Chen Qichao, Li Kuan, Chen Zhiyuan, Maul Tomas, Yin Jianping
School of Computer Science and Technology, Dongguan University of Technology, Dongguan, 523820, China.
School of Computer Science, University of Nottingham Malaysia, Selangor, 43500, Malaysia.
Sci Rep. 2024 Nov 18;14(1):28444. doi: 10.1038/s41598-024-79934-7.

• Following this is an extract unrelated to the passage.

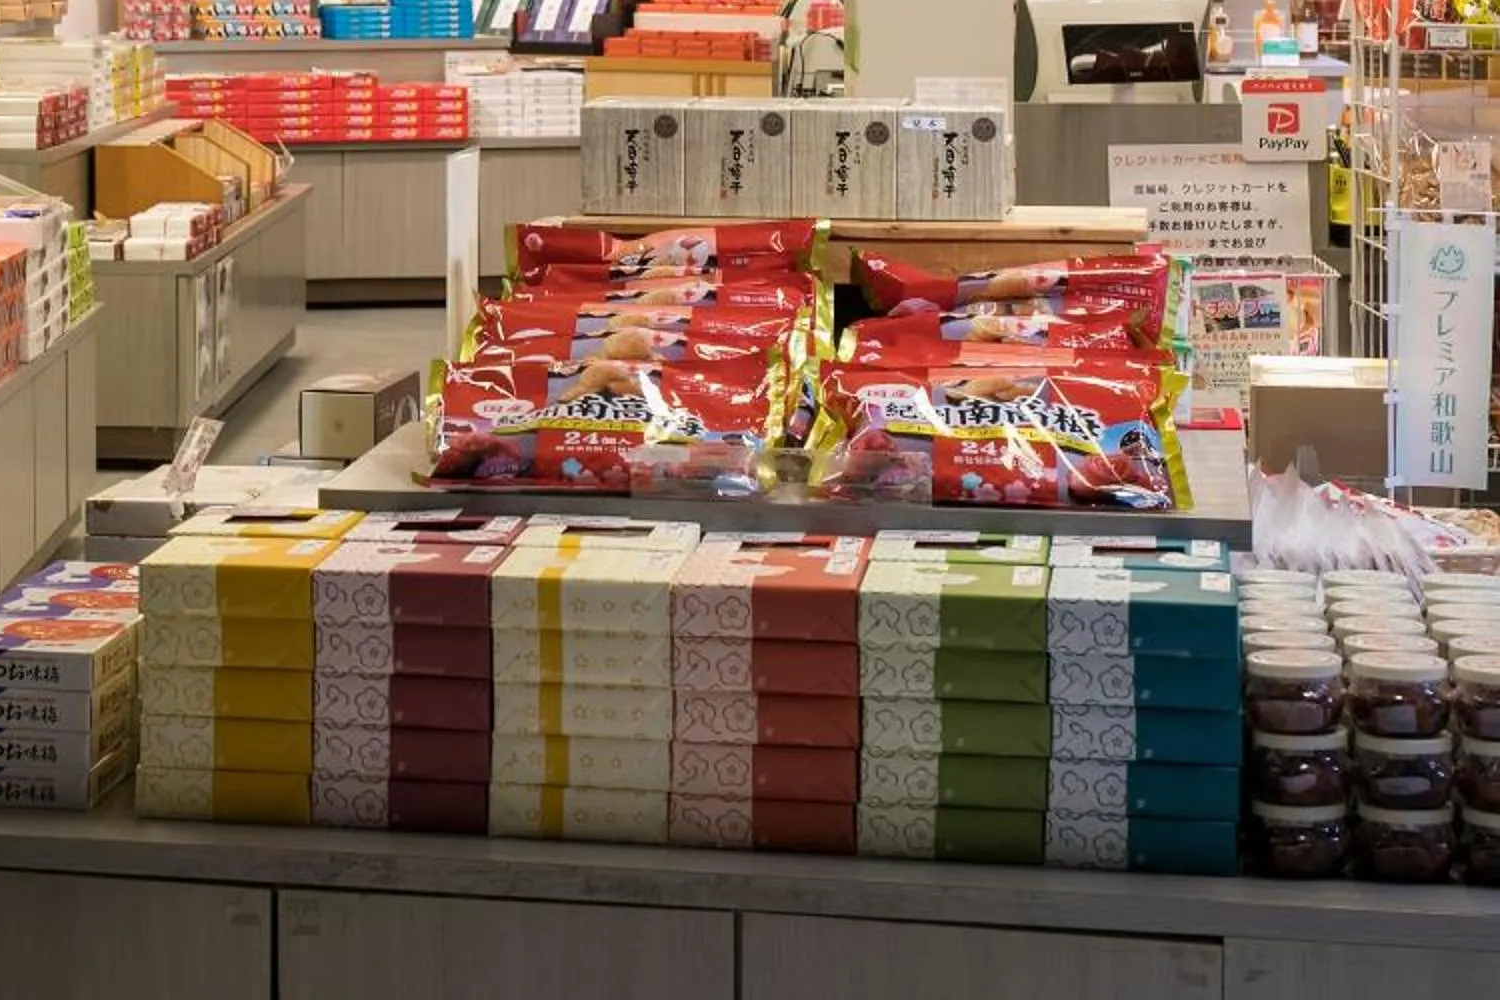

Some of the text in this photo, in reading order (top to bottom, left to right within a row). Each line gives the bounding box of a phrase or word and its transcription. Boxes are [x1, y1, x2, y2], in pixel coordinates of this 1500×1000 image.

[1258, 137, 1309, 151] PayPay
[1429, 289, 1459, 475] プレミア和歌山

Out-of-distribution (OOD) detection is a crucial problem in practice, especially, for the safe deployment of machine learning models in industrial settings. Previous work has used free energy as a score function and proposed a fine-tuning method that utilized OOD data in the training phase of the classification model, which achieves a higher performance on the OOD detection task compared with traditional methods. One key drawback, however, is that the loss function parameters are highly dependent on involved datasets, which means it cannot be dynamically adapted and implemented in others settings; in other words, the general ability of the energy score is considerably limited. In this work, our point of departure is to enlarge distinguishability between in-distribution features and OOD data. Consequently, we present a simple yet effective sparsity-regularized (SR) tuning framework for this purpose. Our framework has two types of workflows depending on if external OOD data is available, the complexity of the original training loss is sharply reduced by adopting this modification, meanwhile, the adapted ability and detection performance are enhanced. Also, we contribute a mini dataset as a light and efficient alternative of the previous large-scale one. In the experiments, we verify the effectiveness of our framework in a wide range of typical datasets along with common network architectures.
分布外(OOD)检测在实践中是一个关键问题,特别是对于机器学习模型在工业环境中的安全部署而言。先前的工作使用自由能作为评分函数,并提出了一种微调方法,该方法在分类模型的训练阶段利用OOD数据,与传统方法相比,在OOD检测任务上实现了更高的性能。然而,一个关键缺点是损失函数参数高度依赖于所涉及的数据集,这意味着它不能在其他设置中动态调整和实现;换句话说,能量分数的通用能力相当有限。在这项工作中,我们的出发点是扩大分布内特征与OOD数据之间的可区分性。因此,我们为此提出了一个简单而有效的稀疏正则化(SR)调整框架。我们的框架根据是否有外部OOD数据有两种工作流程,通过采用这种修改,原始训练损失的复杂度大幅降低,同时,适应能力和检测性能得到增强。此外,我们贡献了一个小型数据集作为先前大规模数据集的轻量级高效替代方案。在实验中,我们在广泛的典型数据集以及常见网络架构中验证了我们框架的有效性。